それもそのはず、ティルは十六歳と思えない程スタイルも良くて大人っぽい。逆にレイチェルは子供とまではいわないが、背も低く、痩せ気味なので年齢よりも若く見られる事が多かった。
声を掛けられたティルはレイチェルの手を引き、男達を無視して去ろうとした。
しかし、声をかけてきた二人はティルを諦めきれずに、ティルの腕を掴み、ティルにとっての禁句を言ってしまった。
「そんなガキ放っておいて俺達といい事しようぜ。まぁ、仲間外れも可愛そうだし、そっちのガキも遊んでやるよ」
ティルがキレるには充分すぎる言葉だった。
ティルは笑顔で男達に近づいた。そして、一人の男のつま先を銃で早撃ちして、痛みで苦痛に歪んだ男の股間を本気で蹴り上げたのだ。
それだけでも男ならば致命傷になりえるのだが、ティルは男の腹をそのまま蹴り、海に叩きこんだ。
もう一人の男は何が起こったのか理解できていないようだったが、ティルはその男の足下にも銃弾を撃ち込む。そして、驚いている男の喉元に銃が付きつきつけた。
そして、先ほどまでの愛らしい笑顔とは全く違い、睨みつけるだけで人を殺せそうな眼付きで「おい。ブチ殺すぞ? 私の大事なレイチェルと遊ぶですって? この銃には対オオカミ専用の銀の銃弾が入っているけど、人間くらい殺せるんだよ。死んでみるか!?」と怒鳴る。

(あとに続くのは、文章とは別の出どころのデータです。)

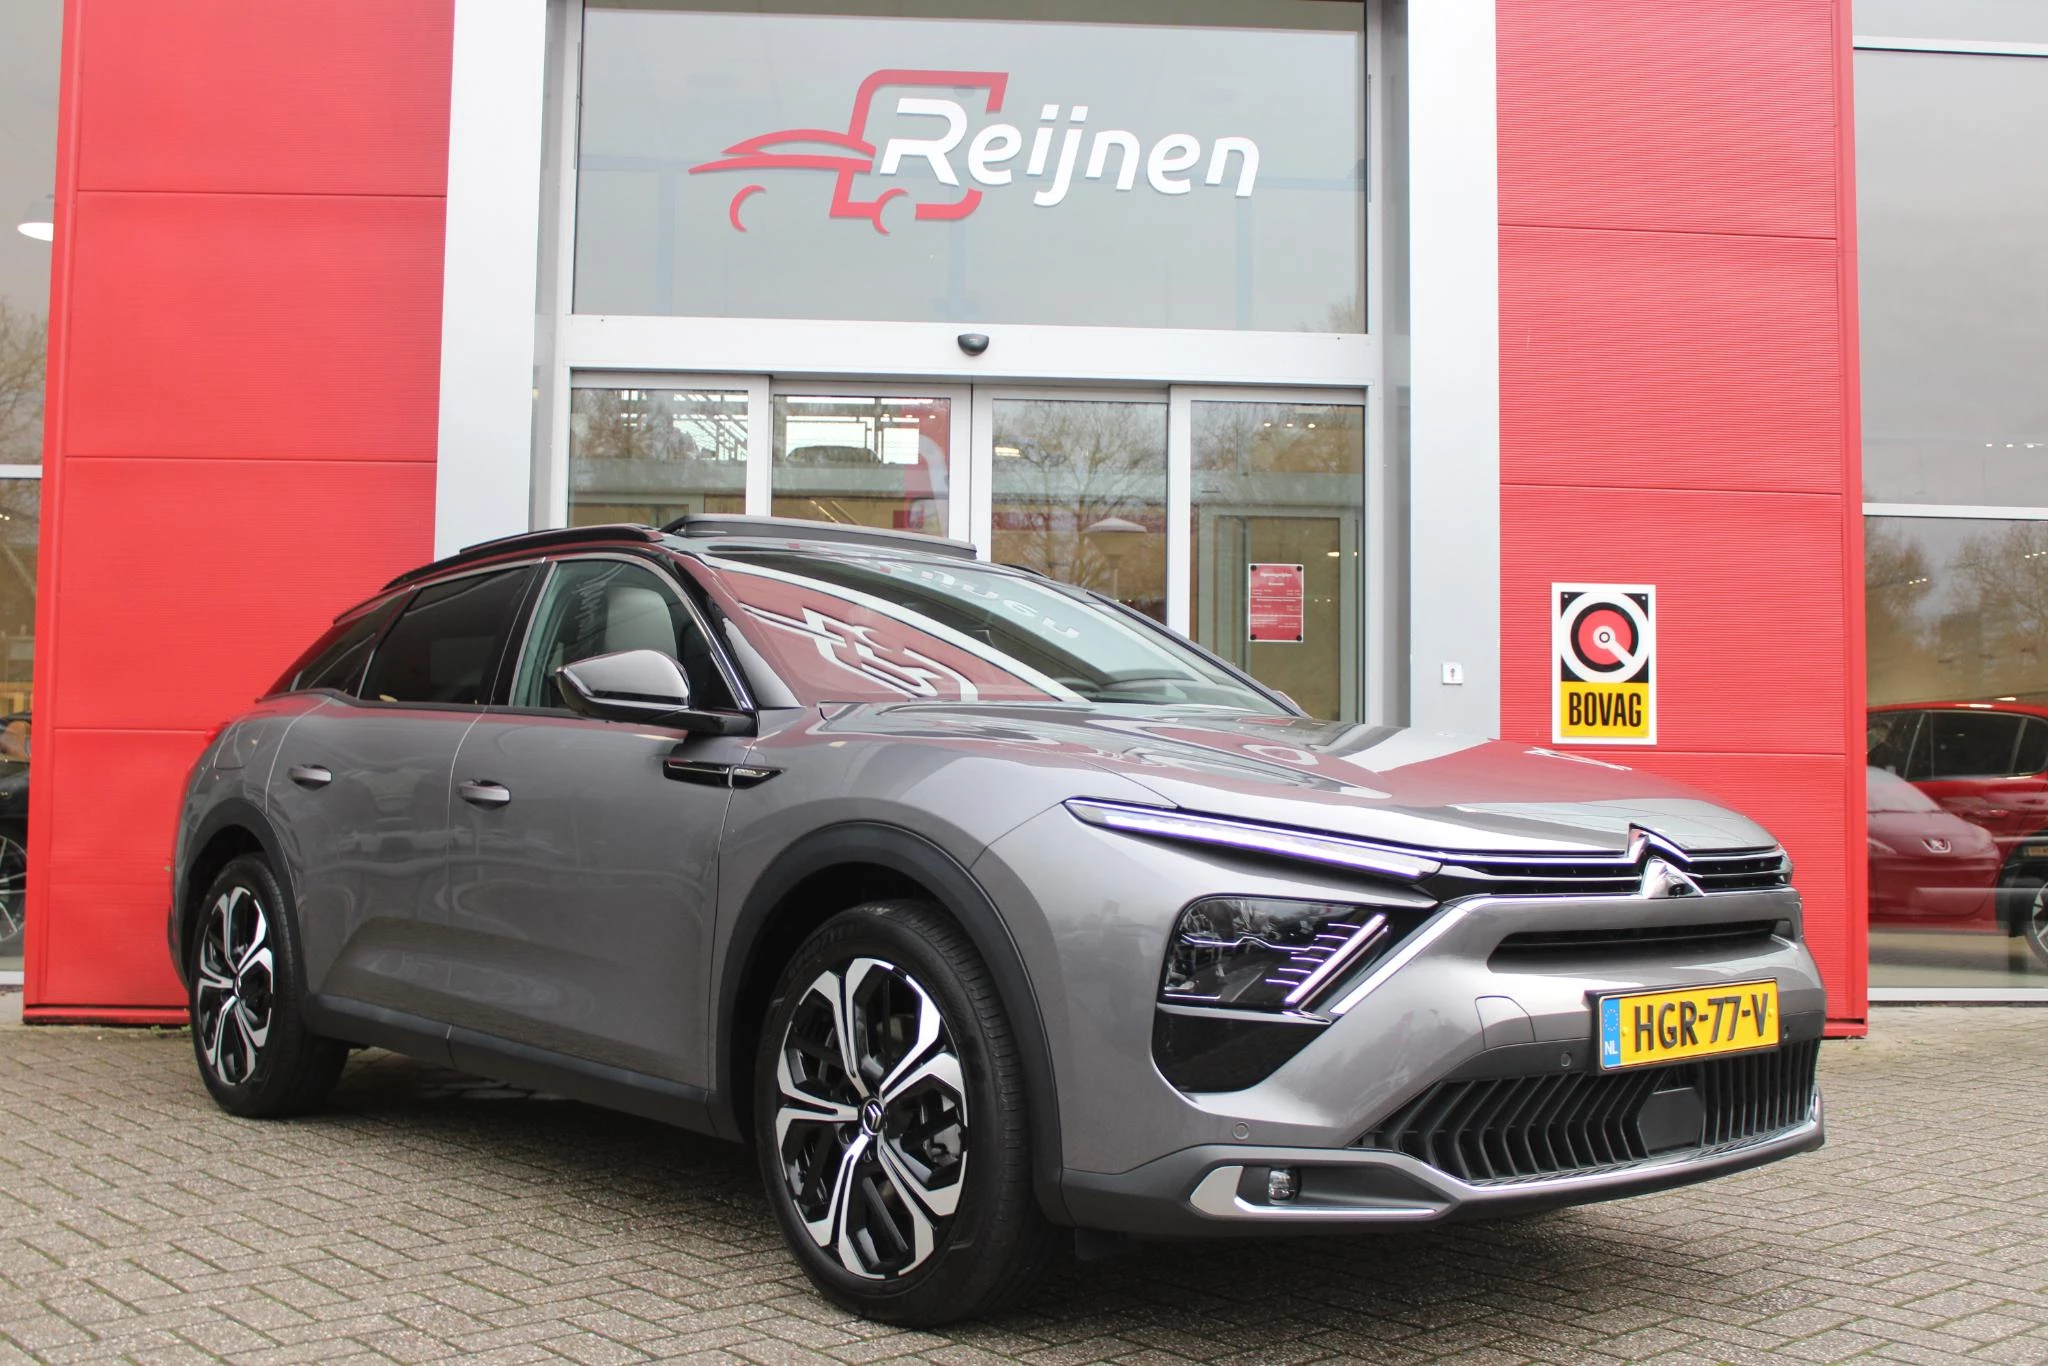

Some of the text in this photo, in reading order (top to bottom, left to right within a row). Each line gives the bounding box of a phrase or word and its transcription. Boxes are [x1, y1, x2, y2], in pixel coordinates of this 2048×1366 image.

[880, 97, 1260, 207] Reijnen
[1568, 691, 1642, 727] BOVAG
[1604, 1039, 1619, 1055] NL
[1634, 993, 1769, 1053] HGR-77-V

あまりのティルの本気の殺意に、港の空気が凍り付いた。
男は何も言えなくなり顔が青褪め、少し股間が濡れている。そして、ティルが引き金を引こうとした時、ティルが銃を引いた。そして、レイチェルの方を睨みつける。
「え?」
レイチェルは自分が睨まれたと思ったのか、目を瞑る。しかしティルが視ていたのはいつの間にかレイチェルの隣にいた老婆だった。
「チッ……邪魔しやがって」
ティルは不機嫌な顔で銃を仕舞う。そしてレイチェルの隣にいる女性を睨みつける。
彼女の右手には銃口から硝煙が上がっている銃が握られていた。
ティルが銃を引いたのは、彼女がティルの銃を狙い撃ったのに気づいたからだ。
「普通であれば避けられないと思っていたのに、流石はソフィの弟子だけあるね」
「あんた誰よ……」
ティルが睨みつける中、女性は自己紹介をする。